Oana Sterlaci: Hello and welcome to Todd Miller Tv. I’m Oana Sterlacci and this is Todd Miller.
Todd Miller: Hello
Oana Sterlacci: and we are here to talk about this myth that everybody’s been talking about, about shadow inventory. Tell us what that is and does it really exist?
Todd Miller: That’s a good question. First of all thanks for starting off the show.
Oana Sterlacci: You’re welcome.
Todd Miller: Okay, so shadow inventory, there’s this myth that the banks have foreclosed on all these properties and there just sitting on them and the truth is-that’s not the case. They don’t own the property, so I think the confusion is the word ‘foreclosed’. People don’t understand that foreclosure is a generic name for an entire process. From the time they file a notice to the vault to when the file a notice to the trustee sale, to when they actually attempt to sell it at a trustee sale and then they take ownership, that whole process can take anywhere from 120 days to years. So let’s say that banks in general have filed notices of default and trustee sales but they keep postponing and cancelling the actual sales dates and then they just wait 6 months or 3 months and re-do that again. Well those homes that haven’t actually been foreclosed, that is what the shadow inventory is; it’s the homes we don’t know about. When a bank forecloses on a home they immediately hand then to an agent to sell their house because they need to protect their interest in the property, get the money back so they can re-loan the money. So this myth that their foreclosing home and sitting on them cause their trying to stabilize the market and all this other stuff-not really true, they just haven’t foreclosed. So the important question is then-why are they doing this? Why are they waiting 2 years? Because in 2007 and 2008 it was 90 days after the notice of default they filed the trustee notice and then they foreclosed. So you tell me why you think they’re not doing this, why they’re just postponing and canceling and doing all this.
Oana Sterlacci: Well a lot of it has to do with the controversy regarding signing and that sort of thing, I think the largest part is simply the amount of volume versus the amount of staff they have to process all of this. And it’s not just the banks, it’s also the legal entities and the counties and all these people that are involved in the foreclosure process, there simply is not enough staff to deal with that. The other issue is market absorption. I think that’s a big concern, you certainly don’t want to bring a ton of inventory into market at the same time. We saw that happen a couple years ago and that’s when we took the biggest hit in values in the shortest amount of time. So I think there’s a combination of reasons for this shadow inventory out there. The other thing is with all the different political programs out there, there was a lot of –well let’s just see and what happens-both on parts of homeowners and the banks to see are we going to get more money, are the homeowners going to get money, what exactly is going to happen, what makes the most business sense, what makes the most political sense to deal with this because let’s face it-foreclosure is a very politically unpopular thing and banks are not unaware of that.

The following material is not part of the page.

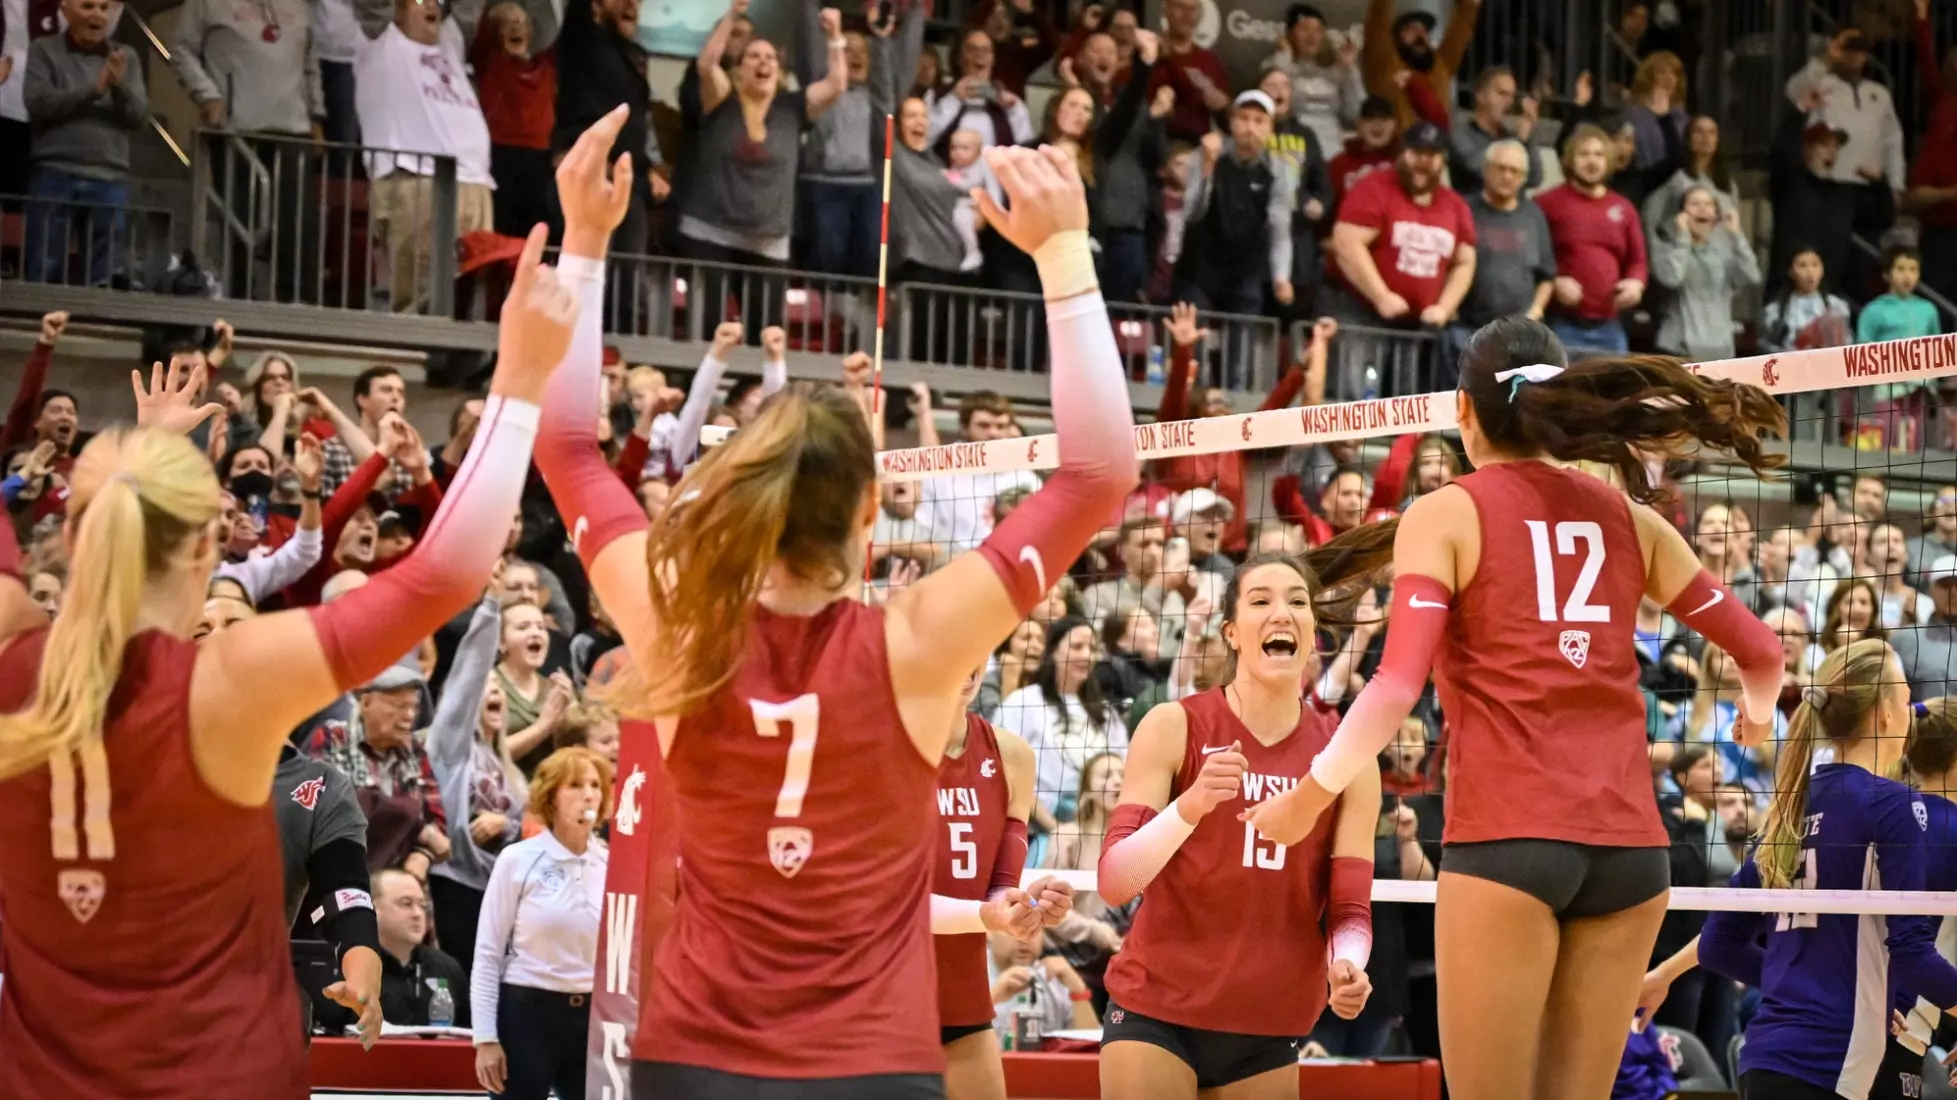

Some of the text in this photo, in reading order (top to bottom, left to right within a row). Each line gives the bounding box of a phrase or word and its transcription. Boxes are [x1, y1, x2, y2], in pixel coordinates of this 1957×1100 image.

They do want to still appeal to consumers, they want consumers to trust them, borrow from them and do business with them so there are a lot of complicated reasons for that but the bottom line is that this process take longer now that it did before due to the huge amount of possible homes out there that would qualify for a foreclosure.
Todd Miller: I completely agree. So there’s this, sort of, process and they found that there’s constrains along the way which is capacity and they’re not going to just dump on the market a ton of houses which is what I hear people say ‘prices are going to fall even further’ well in some cases we were pulling houses for an investor yesterday and a house that was selling for about 39,000 had sold for 267 in 2005, so there’s not a lot of downsides. So I think if your waiting for this ‘flood’ I don’t think it’s going to happen. I think this is actually a good sign that there’s actually some entity out there regulating the flow of inventory back into the market because it does stabilize the market, give investors the chance to buy, hold, and rent or buy and flip and do other things and I think that this chance of the market ‘collapsing’is already done and I think we’re beyond that.
Oana Sterlacci: I think we’re beyond that for a lot of reasons, one of the is capacity like you said, and the other part, it’s just lessons of the past.
Todd Miller: Yeah good. Well that is the episode for today. Thanks for being a gracious host.
Oana Sterlacci: You’re welcome
Todd Miller: I look forward to seeing you on the next episode.